The Catskill Hudson Area Health Education Center (Catskill Hudson AHEC) has launched a new program called HealthMatch. Under the leadership of executive director Kathryn Reed, HealthMatch works with community leaders in health care, business, and government to recruit doctors, dentists, and other providers into their locale. The pilot community for this program is Ellenville.
The New York State Area Health Education Center system is a workforce development initiative established in 1998 to find solutions to the shortage of health-care workers, and the lack of diversity in the health-care workforce, in the more rural areas of the state. While the physician shortage is a national problem, it is even more acute in rural regions. Catskill Hudson AHEC, which serves 11 counties in the Valley and the Catskills, is one of nine AHEC centers statewide.
In 2007, Reed was involved in a focus group regarding health-care needs in Ellenville. “It became evident that community members were passionate about preserving their hospital and retaining local health care. That was the catalyst to developing this program,” she explains. The funding for HealthMatch came from the U.S Department of Health and Human Services, the New York State Department of Health, and local grants. Local government officials, including Assemblymen Peter Lopez and Kevin Cahill, Assemblywoman Nancy Calhoun, and State Senator John J. Bonacic, were instrumental in acquiring those funds, Reed says. Local buy-in is critical for the program’s success: It will be up to community leaders to sell the area’s lifestyle and its benefits to newly minted primary-care doctors, and to provide the incentives (such as helping to pay off loans or subsidizing the start-up costs of establishing a practice). “I think they underestimate the geographic location of Ellenville. People from the outside see it as geographically isolated,” says Reed, who notes that Ellenville is located in a valley between two mountain ranges. “But most don’t realize you can have this great rural lifestyle, where you’re not in the middle of all that urban hubbub.” Plus, she notes, Ellenville has “a real sense of community,” a vibrant cultural scene (including a professional theater), and a wide range of shops and services. And, with Kingston just 30 minutes away and Middletown even closer, the bigger stores and malls are also easily accessible.

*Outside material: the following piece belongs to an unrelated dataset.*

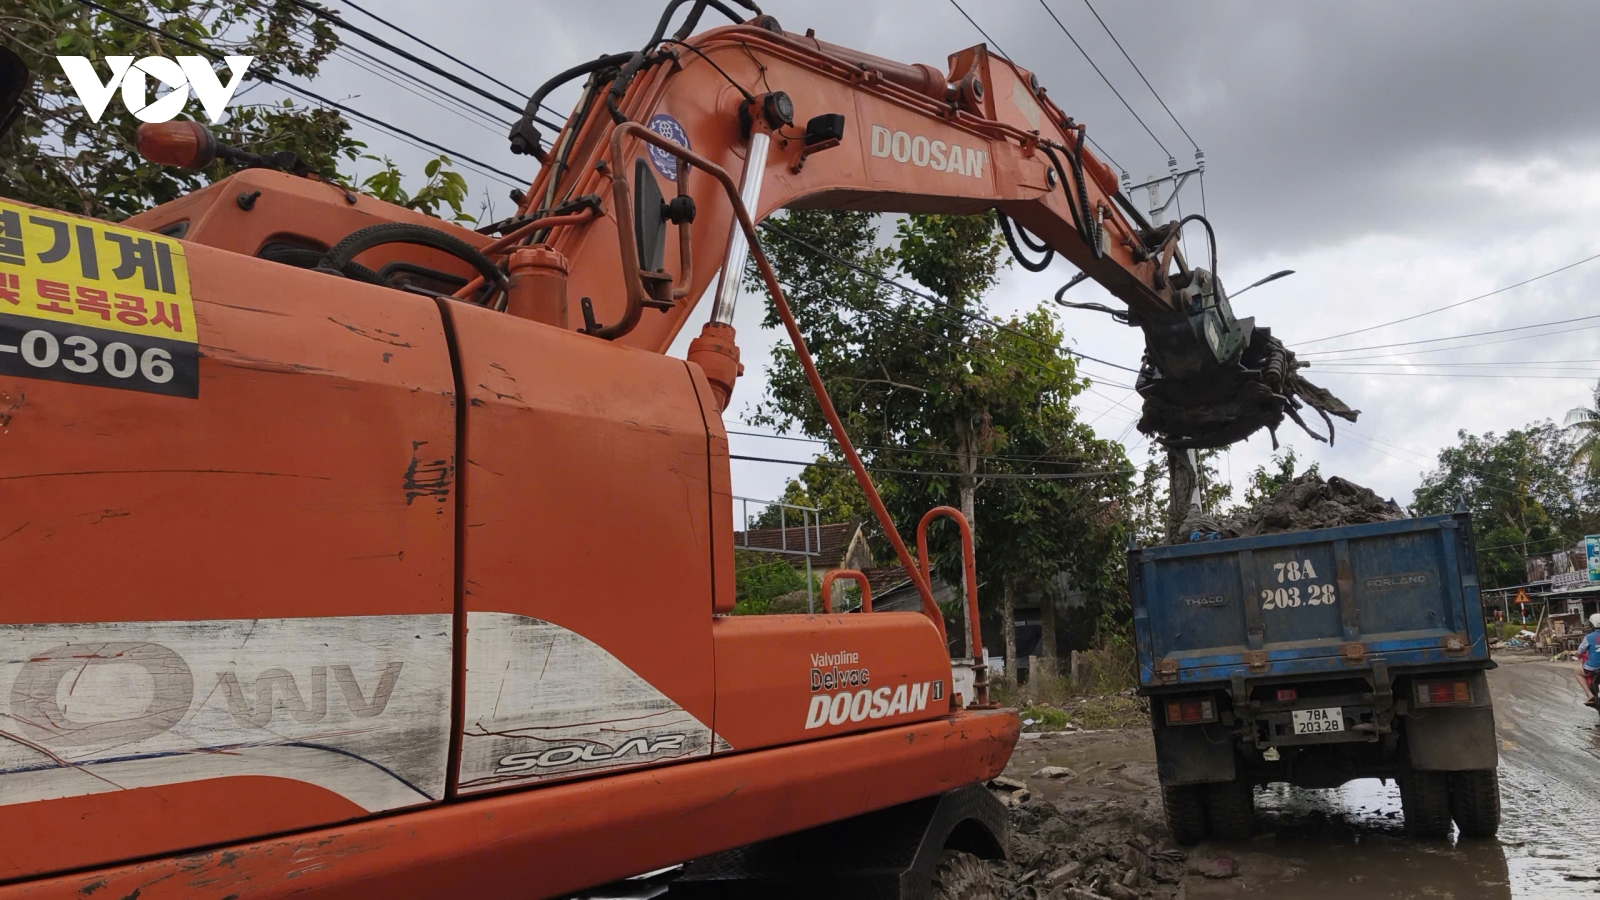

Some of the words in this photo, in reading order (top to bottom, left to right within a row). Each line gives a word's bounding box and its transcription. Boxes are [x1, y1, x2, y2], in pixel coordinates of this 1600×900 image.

In effect, Reed and her staff of four are matchmakers. She knows that finding the right doctor for the right community is tricky. But if Ellenville successfully lures a new M.D. to town, Reed hopes to roll HealthMatch out to the rest of her service area and, eventually, throughout the state. She has no doubts it will work. “I am convinced we will get it done,” she says. “If we can place one or two doctors a year, I will feel like we have made a difference.”